Graphitic Carbon Nitride (g-C₃N₄) Powder, 1–10 µm

Description

Graphitic Carbon Nitride (g-C₃N₄) Powder, 1–10 µm

Graphitic Carbon Nitride (g-C₃N₄) is a two-dimensional, polymeric semiconductor material composed of carbon and nitrogen atoms arranged in a layered hexagonal structure similar to graphene. Unlike conventional carbon materials, g-C₃N₄ contains nitrogen-rich frameworks that provide unique photocatalytic, electronic, and surface-active properties.
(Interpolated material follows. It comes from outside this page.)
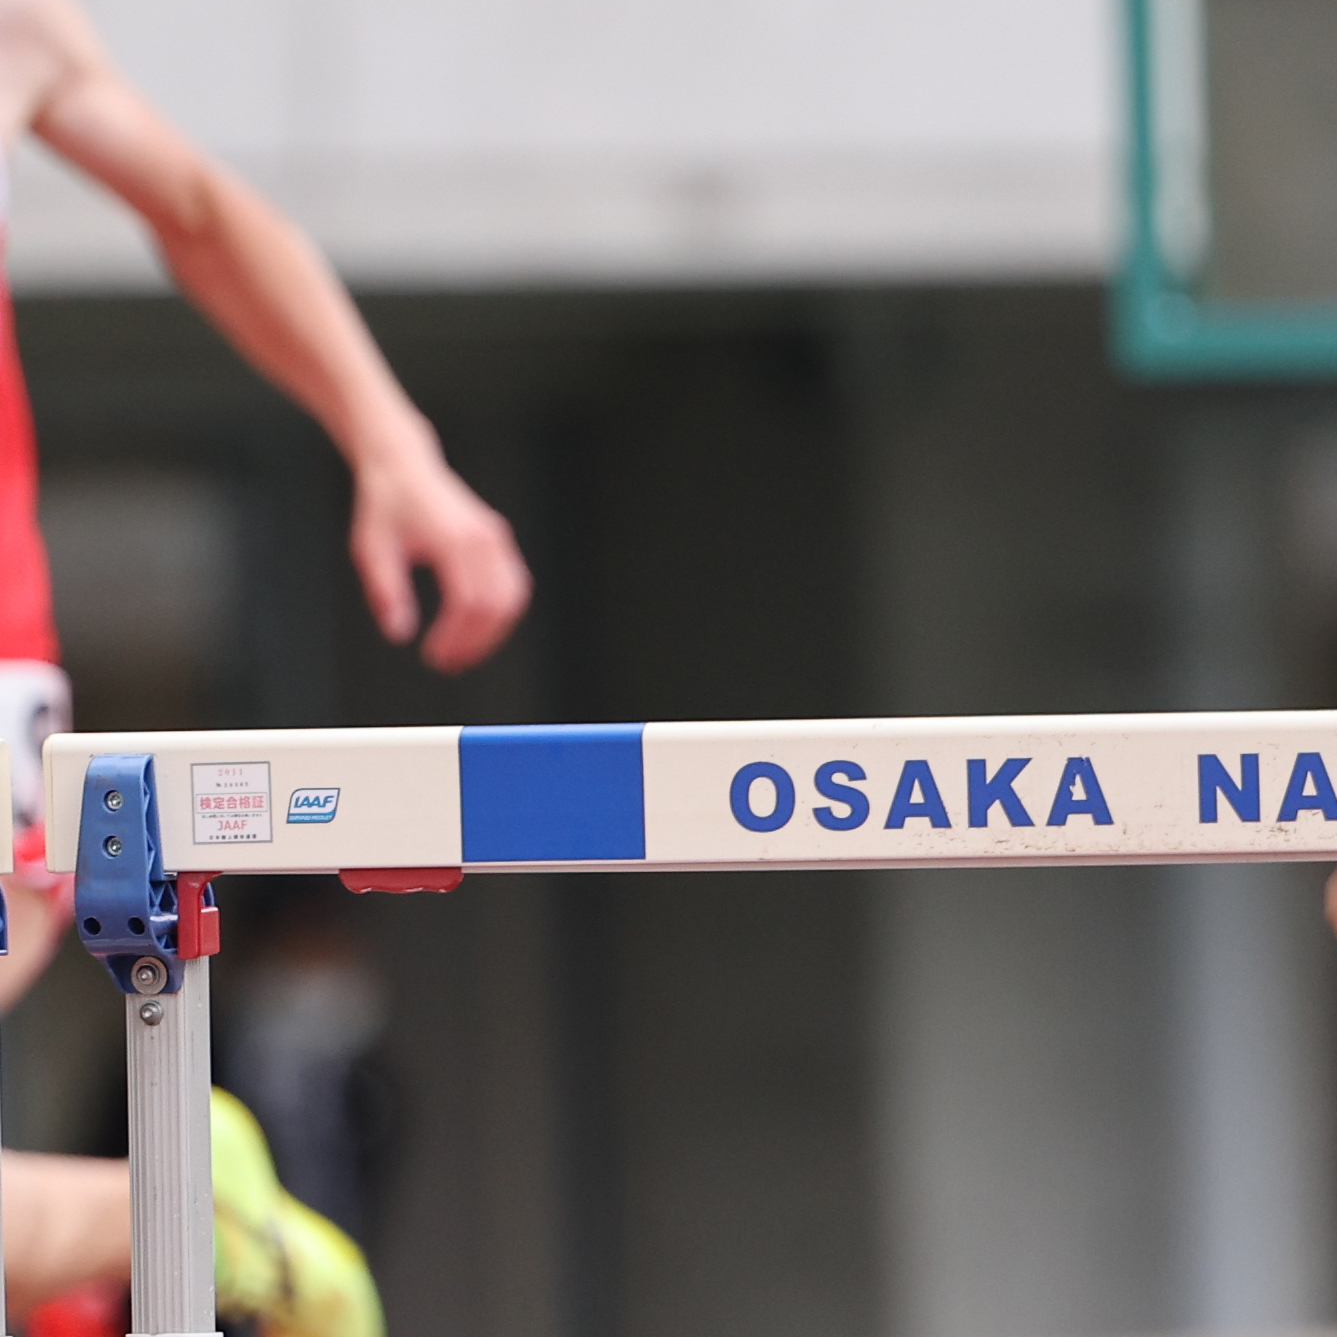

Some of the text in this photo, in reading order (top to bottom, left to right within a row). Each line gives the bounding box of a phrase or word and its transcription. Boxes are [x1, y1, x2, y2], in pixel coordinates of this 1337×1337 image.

With an average particle size of 1–10 µm and a band gap of ~2.7 eV, this powder is highly efficient at absorbing visible light, making it a versatile material for applications in photocatalysis, energy storage, and advanced electronics. Its high chemical stability, low density, and tunable surface area further enhance its usability across scientific research and industrial applications.

Technical Properties

• Composition: Carbon & Nitrogen (C:N ratio: 0.65–0.75)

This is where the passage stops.